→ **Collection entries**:

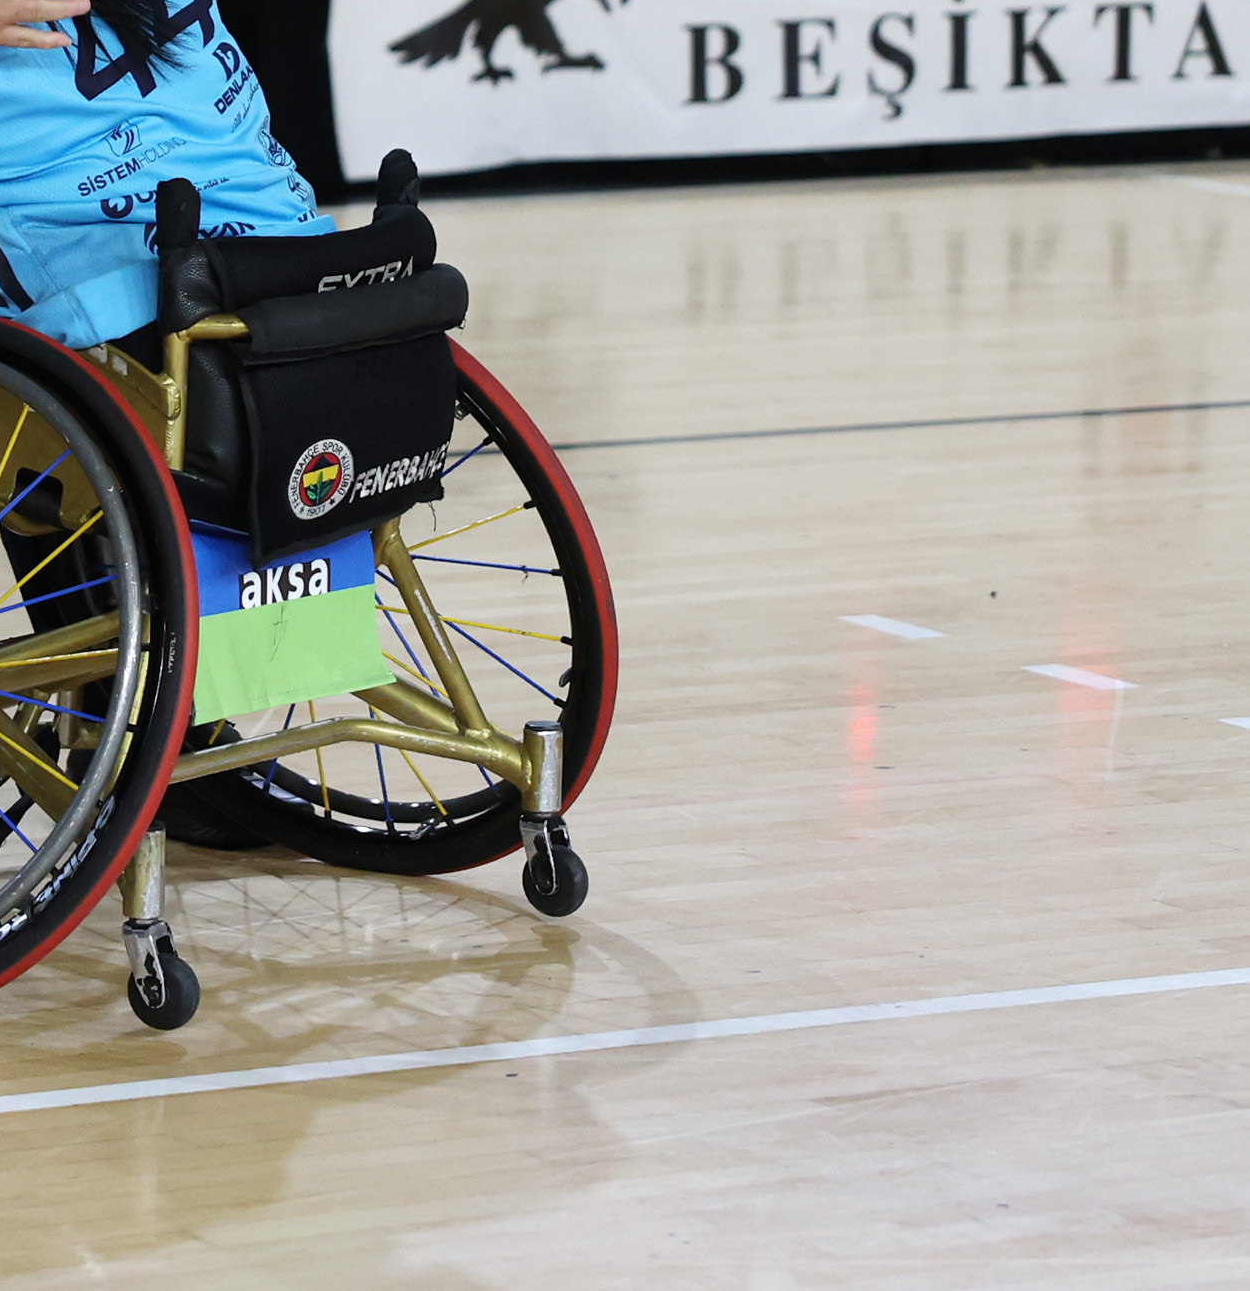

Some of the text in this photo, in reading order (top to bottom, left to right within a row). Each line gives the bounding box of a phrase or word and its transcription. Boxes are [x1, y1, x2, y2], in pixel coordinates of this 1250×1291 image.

[290, 443, 320, 509] FENERBAHÇE
[322, 441, 344, 456] SPOR
[349, 441, 450, 503] FENERBAHÇ
[306, 504, 327, 517] 1907
[241, 558, 329, 610] aksa
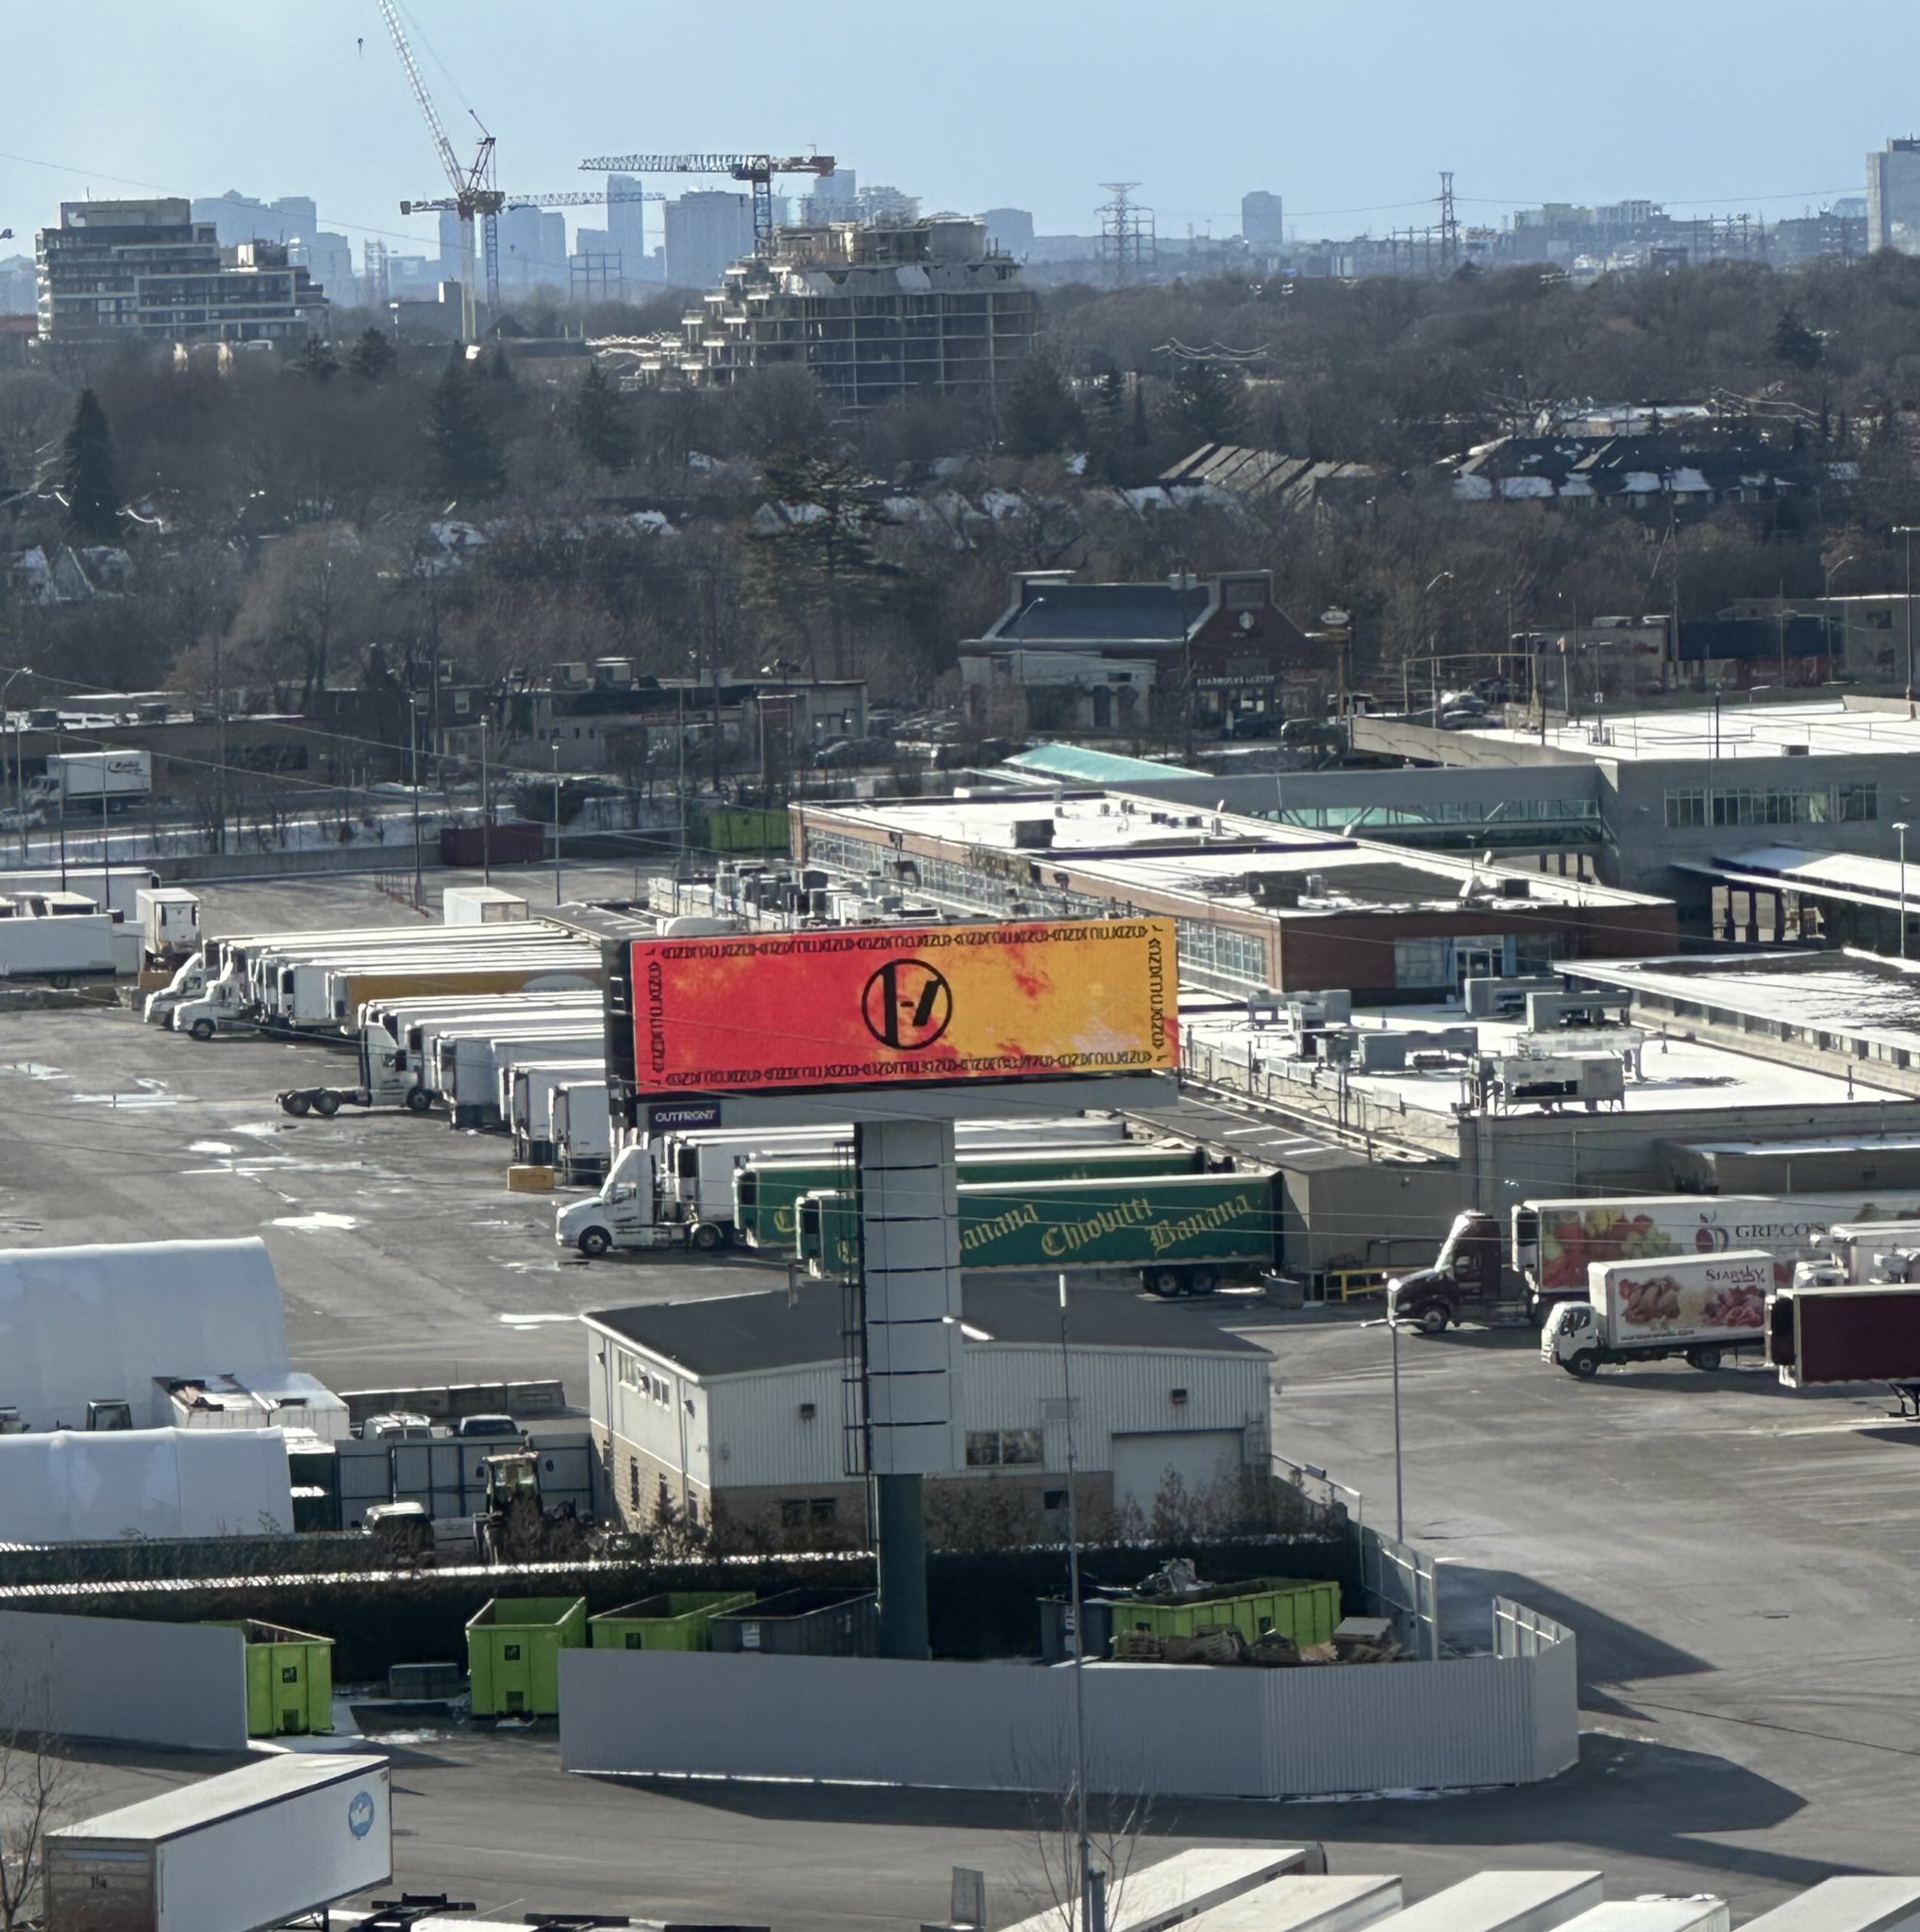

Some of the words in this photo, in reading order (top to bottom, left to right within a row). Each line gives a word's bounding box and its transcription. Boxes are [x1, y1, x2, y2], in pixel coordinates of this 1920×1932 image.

[655, 1109, 716, 1123] OUTFRONT
[959, 1203, 1039, 1250] anana
[1148, 1194, 1253, 1257] Banana
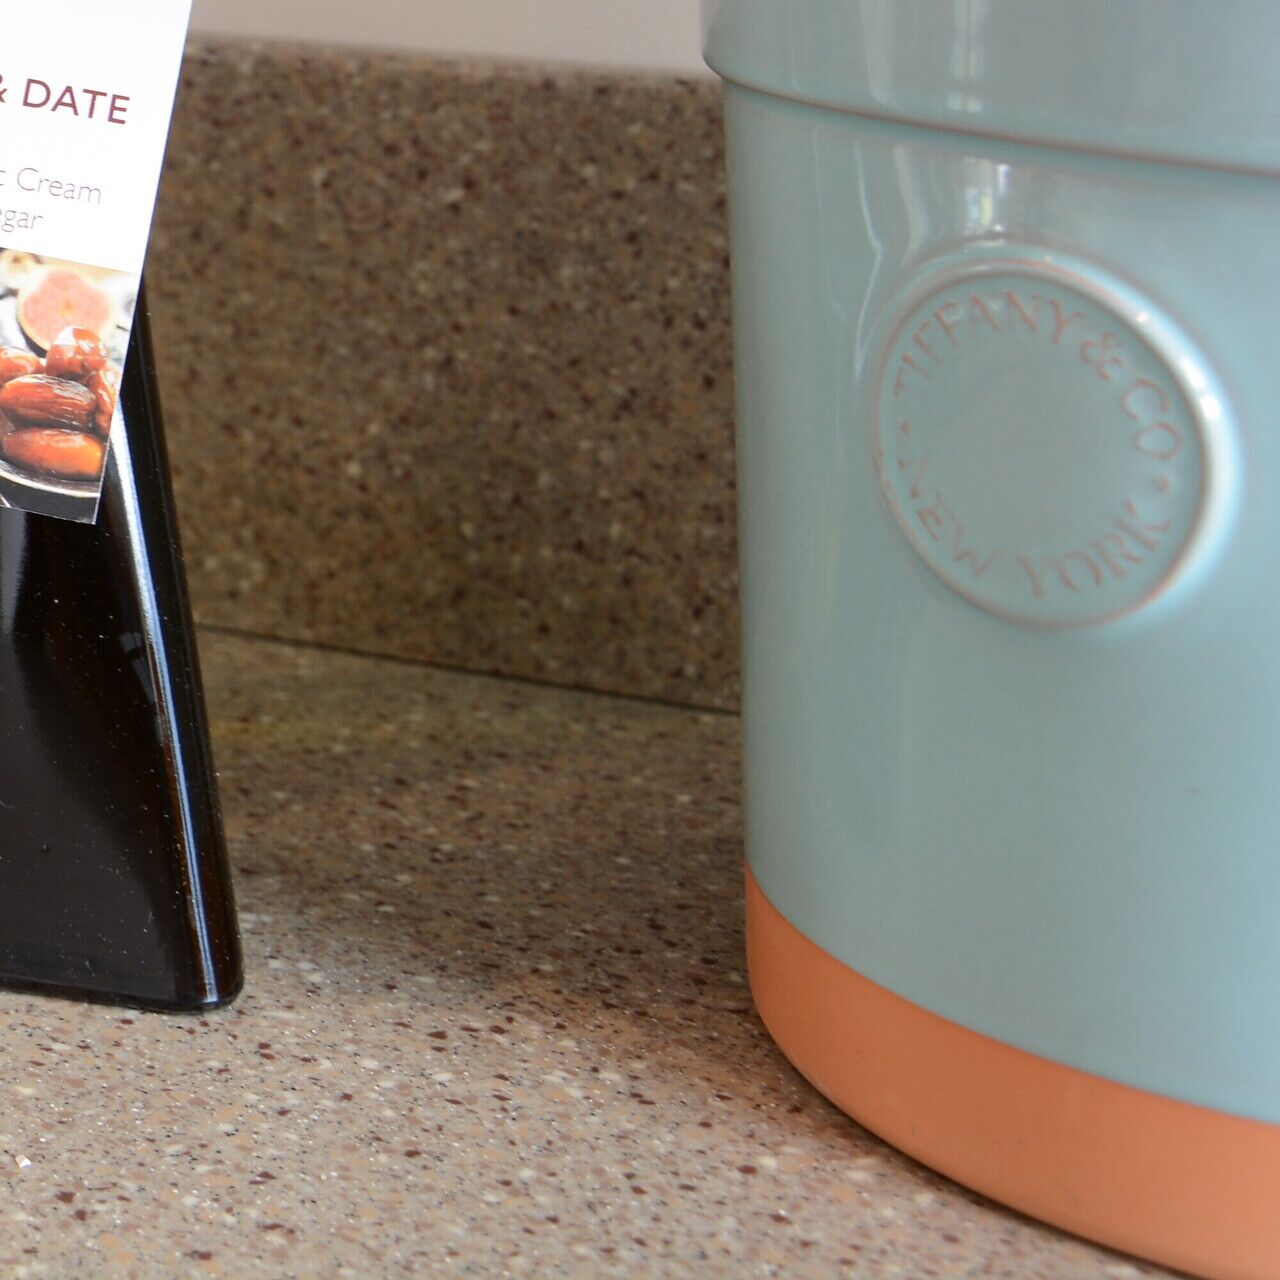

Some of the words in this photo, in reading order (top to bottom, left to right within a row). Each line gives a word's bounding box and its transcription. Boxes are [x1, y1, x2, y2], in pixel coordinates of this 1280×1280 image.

[22, 78, 131, 125] DATE
[16, 167, 102, 204] Cream
[893, 288, 1088, 401] TIFFANY
[1080, 331, 1125, 381] &
[1016, 496, 1172, 599] YORK
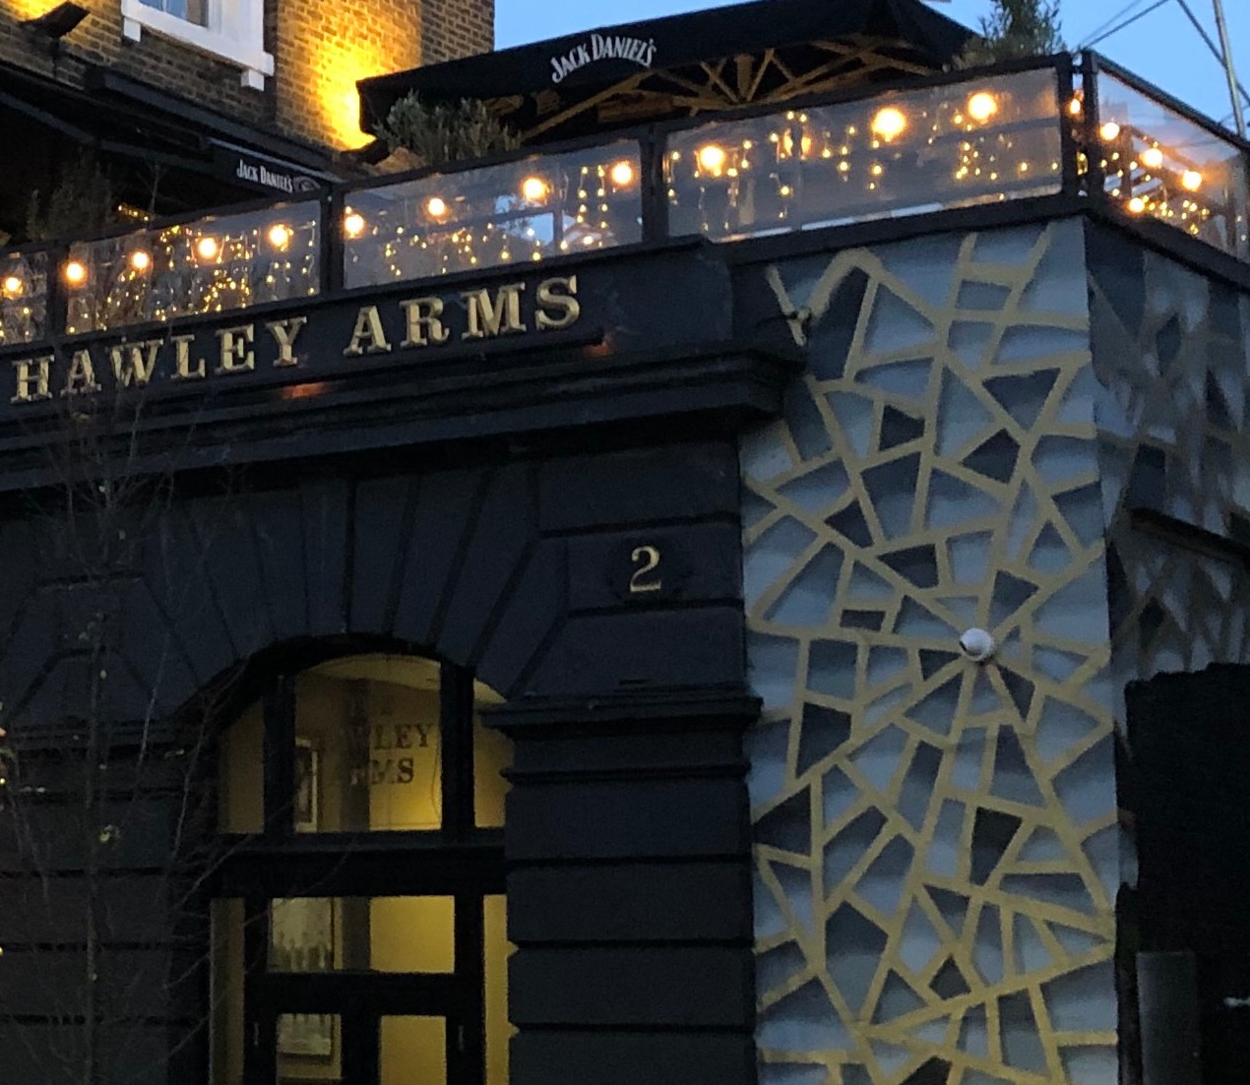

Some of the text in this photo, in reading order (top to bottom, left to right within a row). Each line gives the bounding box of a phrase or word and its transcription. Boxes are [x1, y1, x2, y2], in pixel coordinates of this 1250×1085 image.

→ **WHAT TO WORK ON**: The records above are to be copied exactly, without their pictures.

→ **ANSWER**:
Some of the text in this photo, in reading order (top to bottom, left to right within a row). Each line gives the bounding box of a phrase or word and its transcription. Boxes are [x1, y1, x2, y2], in pixel coordinates of this 1250×1291 image.

[290, 443, 320, 509] FENERBAHÇE
[322, 441, 344, 456] SPOR
[349, 441, 450, 503] FENERBAHÇ
[306, 504, 327, 517] 1907
[241, 558, 329, 610] aksa

Some of the words in this photo, in reading order (top to bottom, left to right within a row). Each line gives a word's bounding box and its transcription. Boxes are [x1, y1, x2, y2], in pixel coordinates of this 1920×1932 image.

[655, 1109, 716, 1123] OUTFRONT
[959, 1203, 1039, 1250] anana
[1148, 1194, 1253, 1257] Banana

Some of the words in this photo, in reading order (top to bottom, left to right within a row). Each line gives a word's bounding box and its transcription. Boxes are [x1, y1, x2, y2], in pixel coordinates of this 1280×1280 image.

[22, 78, 131, 125] DATE
[16, 167, 102, 204] Cream
[893, 288, 1088, 401] TIFFANY
[1080, 331, 1125, 381] &
[1016, 496, 1172, 599] YORK

Some of the text in this photo, in reading order (top to bottom, left to right within a row). Each line gives the bounding box of a phrase or word and its transcription. Boxes are [x1, y1, x2, y2], in pixel coordinates of this 1250×1085 image.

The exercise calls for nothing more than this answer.